После Наполеона
Шрифт:
Итак, в ученом сообществе Европы через полтораста лет после его рождения произошел раскол, удивительно схожий с расколом в общественной жизни европейцев. В те же 1780-е годы, когда эра Просвещения сменилась эрой Революции, основанное Кеплером и Галилеем монархическое здание Математического Естествознания распалось на две независимые республики: Математическую и Физическую. Первая из них - президентская, а вторая парламентская; между ними дружественные дипломатические отношения; но они стремятся к разным целям, и не склонны к тесному общению.

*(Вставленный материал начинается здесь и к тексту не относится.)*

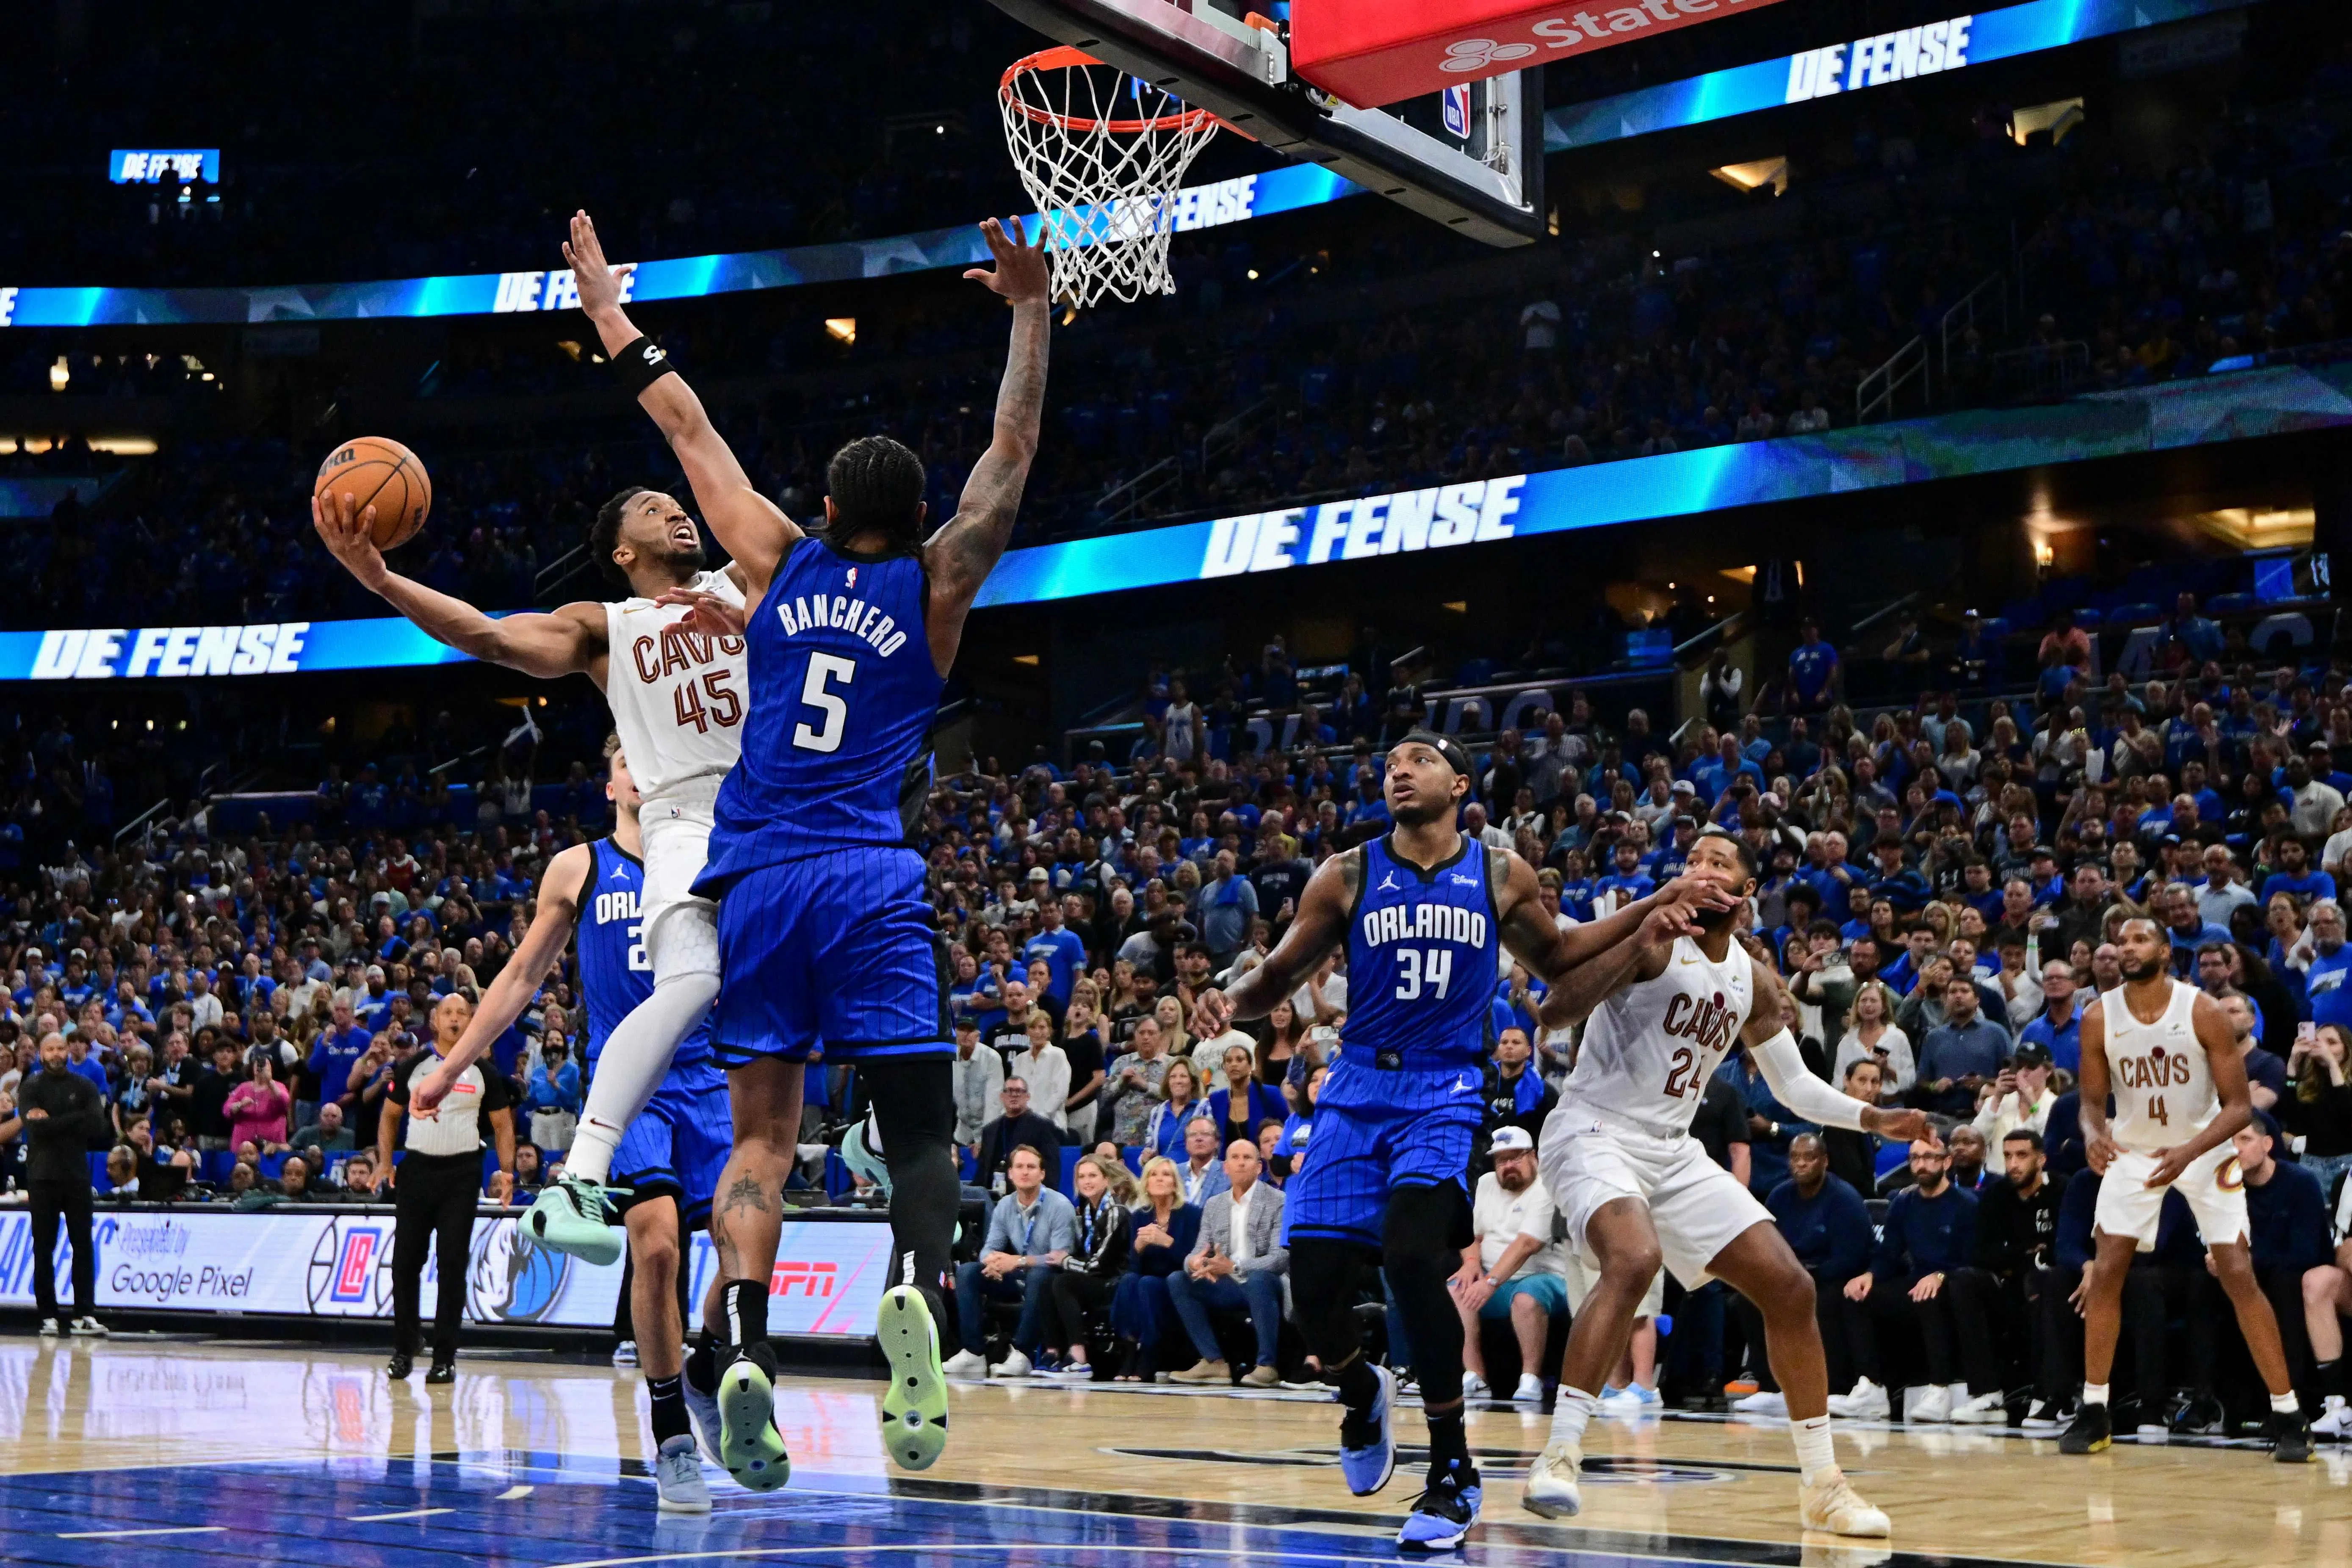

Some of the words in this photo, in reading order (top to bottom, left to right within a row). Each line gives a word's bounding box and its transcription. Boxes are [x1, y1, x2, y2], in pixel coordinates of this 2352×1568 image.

[1785, 43, 1846, 104] DE
[1848, 15, 1972, 90] FENSE
[1447, 105, 1460, 128] NBA
[493, 271, 545, 312] DE
[643, 345, 664, 365] 5
[1201, 507, 1306, 578] DE
[1306, 474, 1526, 565] FENSE
[777, 594, 906, 657] BANCHERO
[30, 629, 128, 679] DE
[126, 622, 310, 678] FENSE
[674, 669, 742, 734] 45
[792, 651, 856, 753] 5
[1450, 873, 1478, 888] Disney
[1364, 904, 1486, 949] ORLANDO
[1396, 949, 1452, 999] 34
[1663, 993, 1738, 1052] CAVS
[2119, 1052, 2190, 1088] CAVS
[2148, 1095, 2168, 1126] 4
[112, 1264, 191, 1302] Google
[198, 1267, 253, 1296] Pixel

Физики перешли от комплексного постижения законов Природы к изучению детального строения ее стихий - химических элементов. В этом деле господствует Эксперимент; вскоре лучший экспериментатор Европы - Фарадей откровенно заявит коллегам: "Если я чего-то в физике не понимаю без математики,
Напротив - Математическая Республика живет по законам, придуманным геометрами Эллады. Но есть одно отличие: эллины располагали лишь двумя разными математическими мирами (Арифметикой и Геометрией), а у европейцев 19 века таких миров много, и они сознательно увеличивают их число.
Например, Ньютон построил из производных и интегралов единый математический анализ. Но Эйлер разделил его на три независимых мира: функции действительного переменного, функции комплексного переменного и функции бесконечного множества переменных (то есть, вариационное исчисление).

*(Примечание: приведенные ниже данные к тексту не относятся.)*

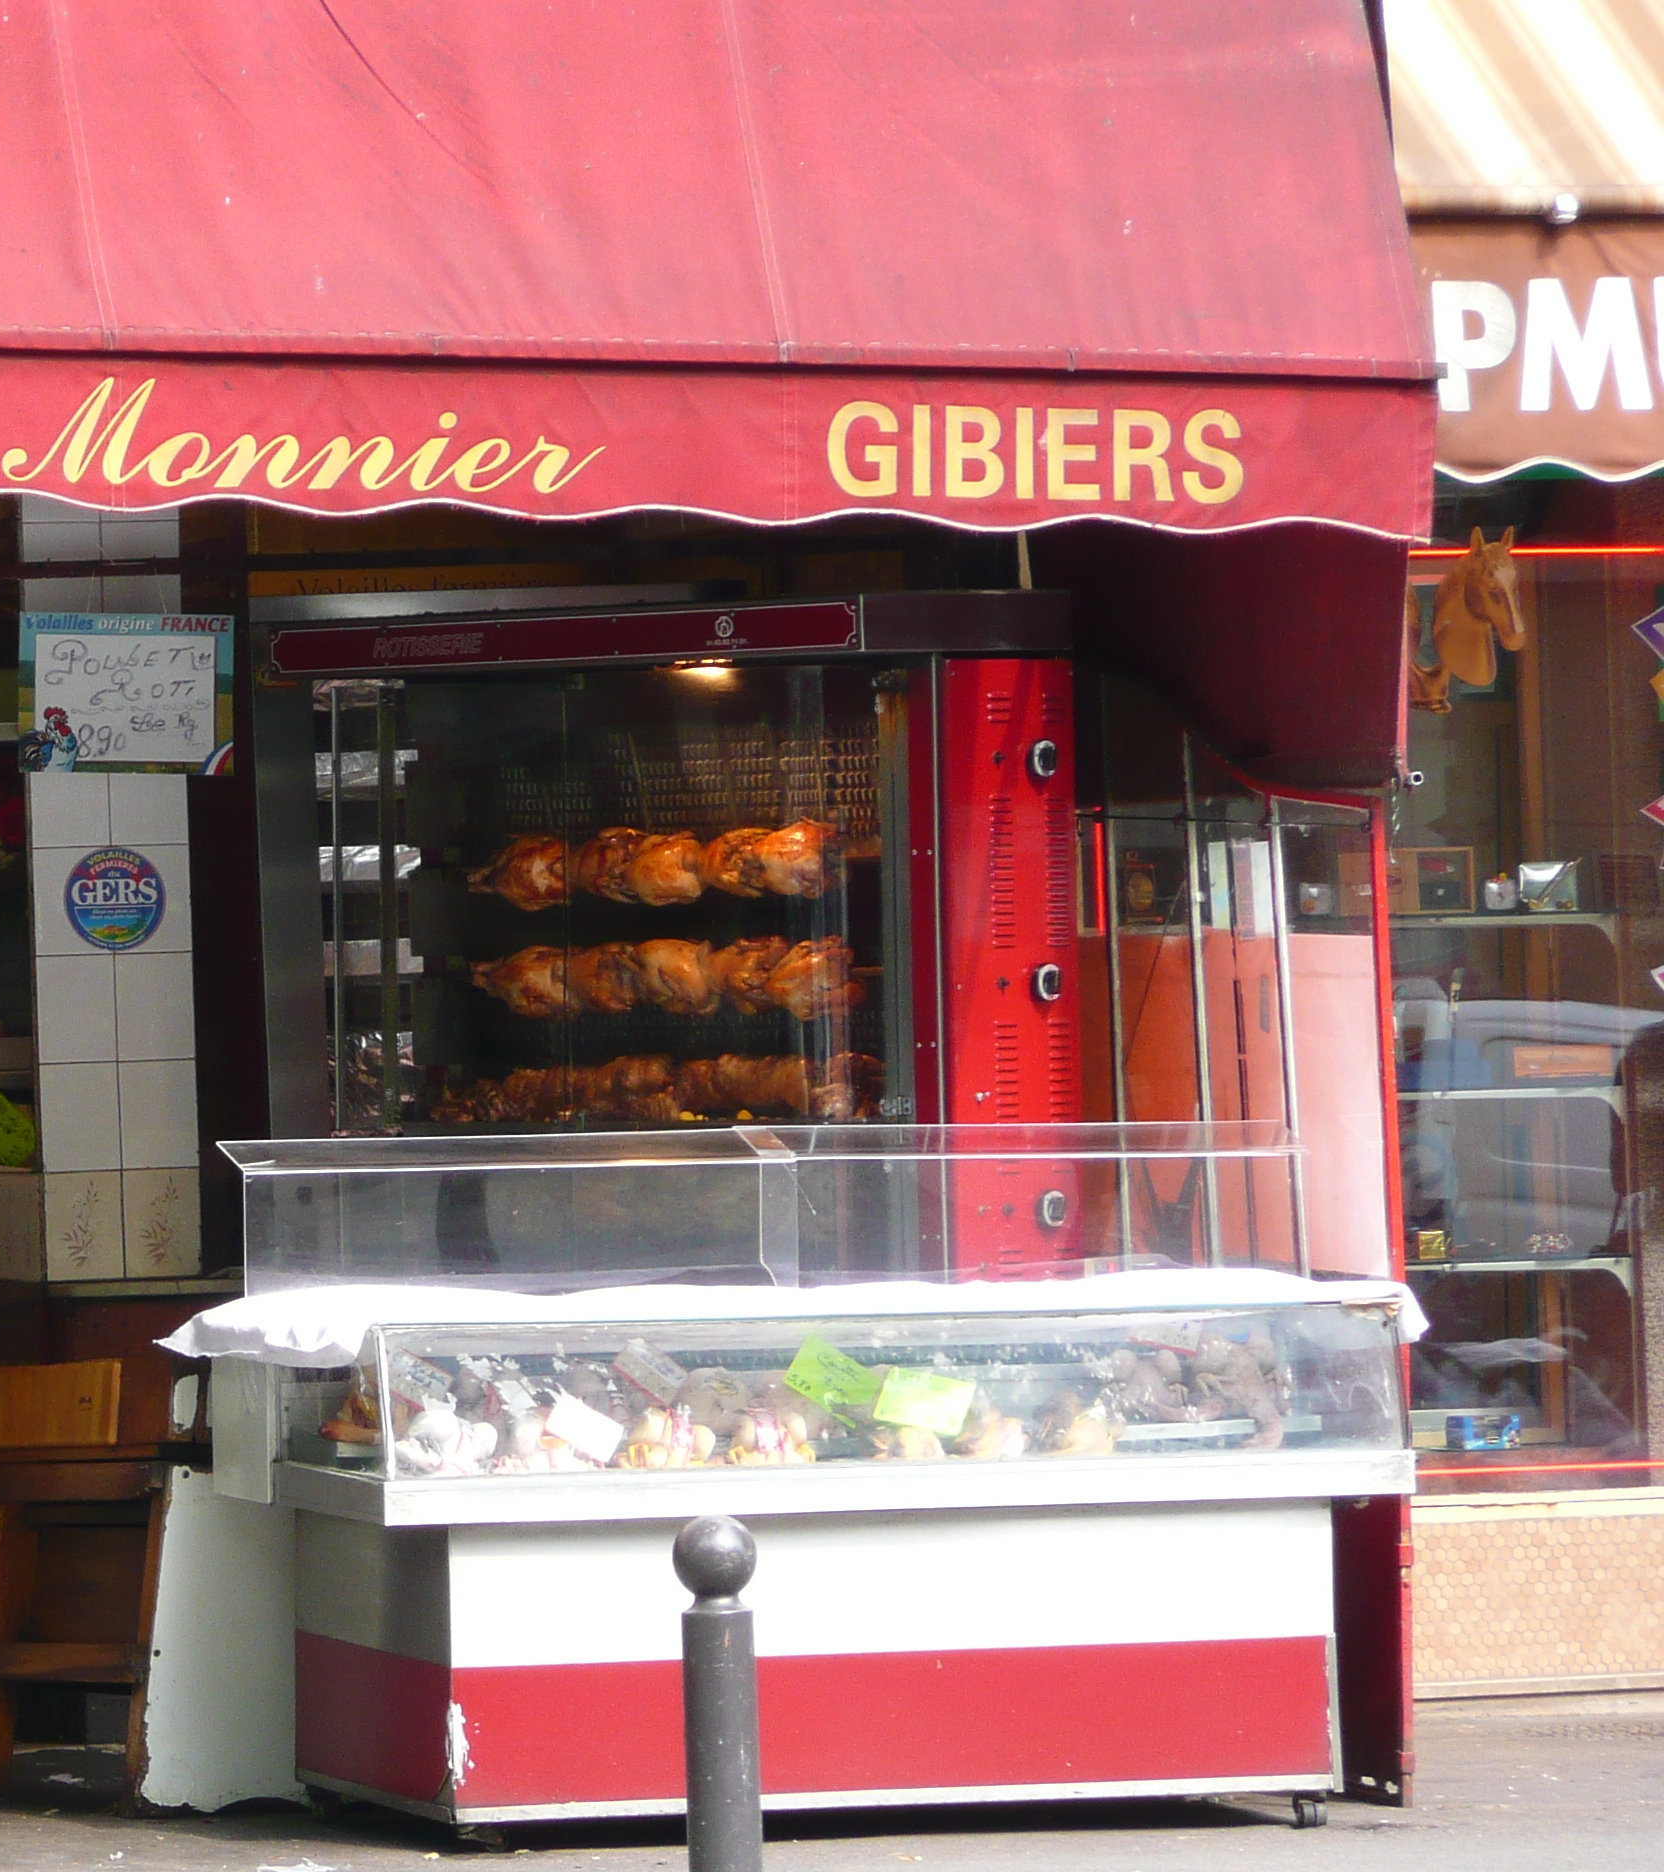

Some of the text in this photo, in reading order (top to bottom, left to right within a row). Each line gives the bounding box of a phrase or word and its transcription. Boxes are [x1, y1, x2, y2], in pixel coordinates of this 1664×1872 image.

[2, 377, 607, 494] Monnier
[828, 401, 1244, 504] GIBIERS
[25, 614, 229, 632] Volailles origine FRANCE
[373, 632, 485, 659] ROTISSERIE
[87, 850, 142, 865] VOLAILLES
[71, 878, 158, 905] GERS

Далее, Ферма создал алгебраическую теорию чисел. Сто лет спустя Эйлер и Ламберт выделили из нее аналитическую теорию чисел, и Ламберт отметил эту реформу блестящим открытием: доказал, наконец, что П - иррациональное число.

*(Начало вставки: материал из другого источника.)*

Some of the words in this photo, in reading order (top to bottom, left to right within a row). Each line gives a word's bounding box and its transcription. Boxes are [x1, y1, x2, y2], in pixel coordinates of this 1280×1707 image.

Тот же Ламберт впервые предположил, что постулат Евклида о параллельных прямых не выводится из прочих аксиом геометрии - и вот уже Гаусс, Больяи и Лобачевский рассекают единый мир Геометрии на несколько независимых миров.
Так будет и впредь: например, Гаусс уже задумался о том, всякое ли иррациональное число является корнем некоего целого многочлена. Через 30 лет Лиувилль построит первые числа, не обладающие этим свойством и теория чисел разделится еще раз: на алгебраическую и "трансцендентную". Так математическая наука плавно переходит от изучения ОДНОГО "естественного" мира моделей, навязанных человеку Природой ИЗВНЕ (через зрение и иные органы чувств) к изучению ВСЕХ ВОЗМОЖНЫХ модельных миров, навязываемых Природой ИЗНУТРИ человеческого мозга. Этот новый путь в науке кажется бесконечным.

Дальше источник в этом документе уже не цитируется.